Jenny giggles and darts away toward her waiting parents and a cluster of older sisters, all in their skate gear. They wave to me, and I wave back, then hold the picture aloft, pointing from the scribbles to my face and back. The older girls laugh, and Jenny beams with pride.

When I finally turn back to Remy, her posture has softened. All of her hard lines have gentled. For one dangerous second, hope flares hard enough to hurt. “We should go. I just got a text that Dante’s car is outside.”

The drive over here was agonizing, and I don’t expect the return trip to be any better. I want her to touch me again, even if it’s just the brush of her fingers on my bare elbow. I want her to tell me that this is going to be okay.

She doesn’t have to love me.
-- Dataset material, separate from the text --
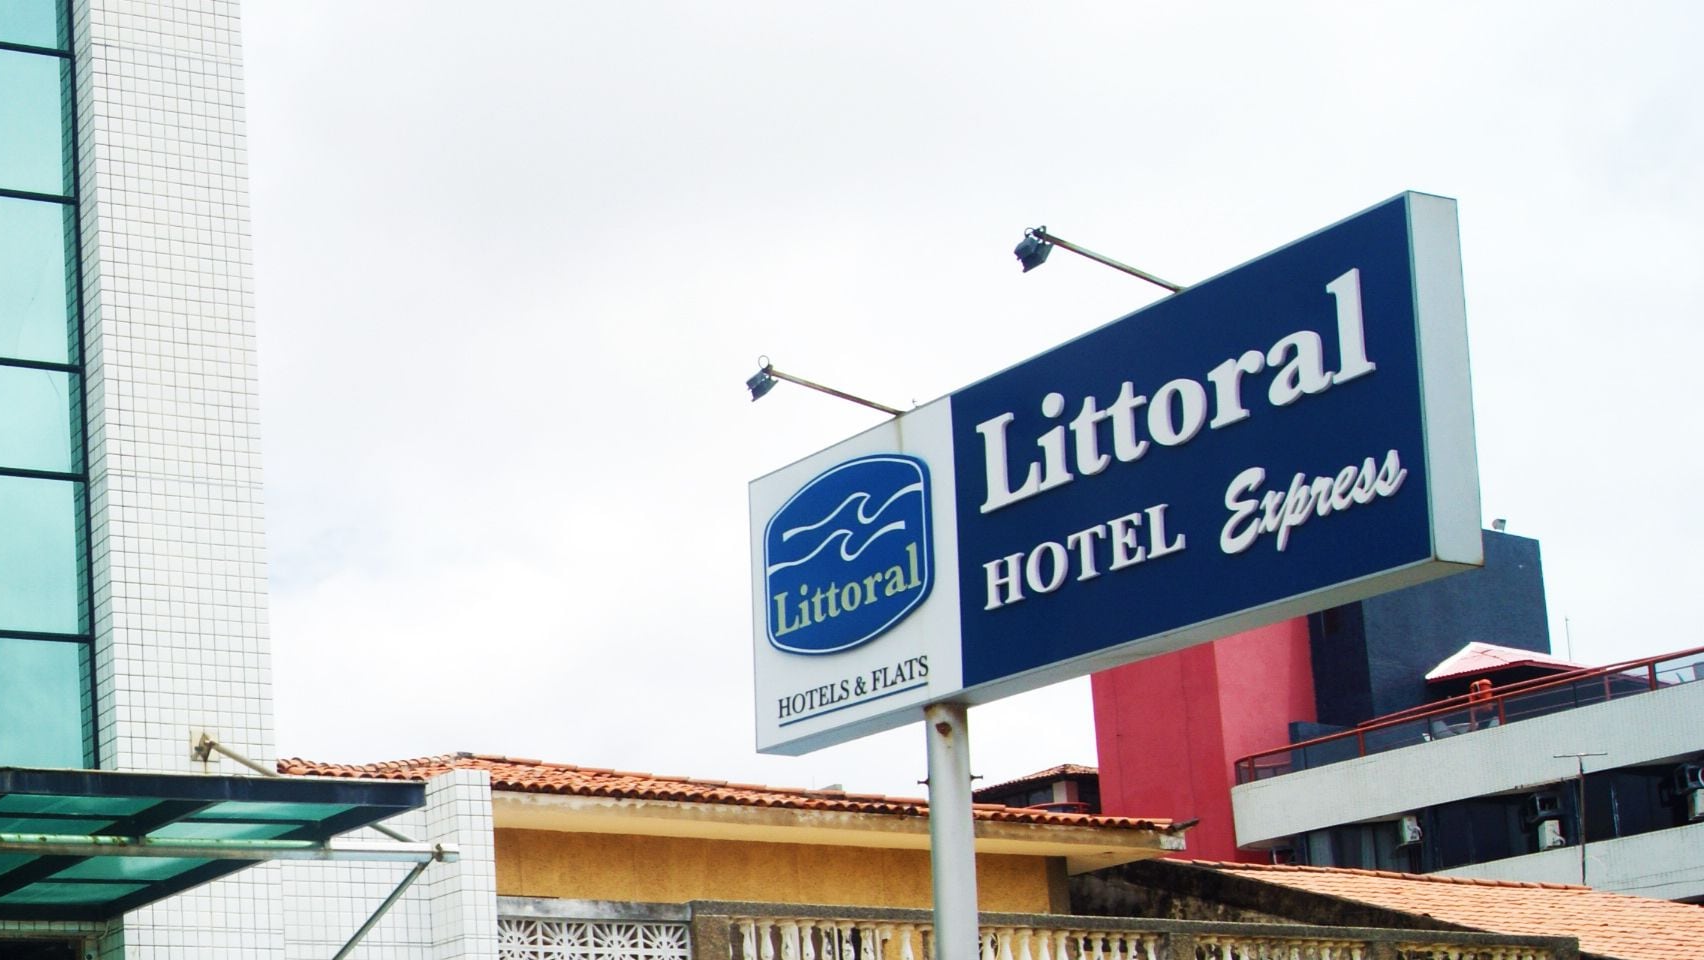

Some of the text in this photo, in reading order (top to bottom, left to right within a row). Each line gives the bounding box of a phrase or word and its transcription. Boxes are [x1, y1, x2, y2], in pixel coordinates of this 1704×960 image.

As long as she doesn’t hate me, I’ll survive this.

Probably.

Chapter Sixteen

Remy

By the time practice wraps and the Venom arena starts emptying out around me, I’m running almost entirely on caffeine, stress, and emotional avoidance.

The fluorescent lights in the media office buzz faintly overhead while I stare at my laptop hard enough to blur the spreadsheet in front of me. Sponsorship metrics. Engagement projections. Damage control timelines. All the things I’m supposed to care about.

Meanwhile, my brain keeps replaying the exact sound Owen made against my thigh the other night.

Fantastic.

I press the heels of my palms into my eyes for a second. Professionalism is officially hanging on by a single frayed thread.

The office door opens behind me.

I know it’s him immediately.

Not because I hear him. Owen moves light and sure for someone built so solidly. But the air changes when he walks into a room. He brings this strange gravitational pressure with him that my nervous system has apparently decided to respond to like an emotionally unstable houseplant spotting sunlight.

“Coach wants the updated youth outreach numbers before tomorrow,” he says.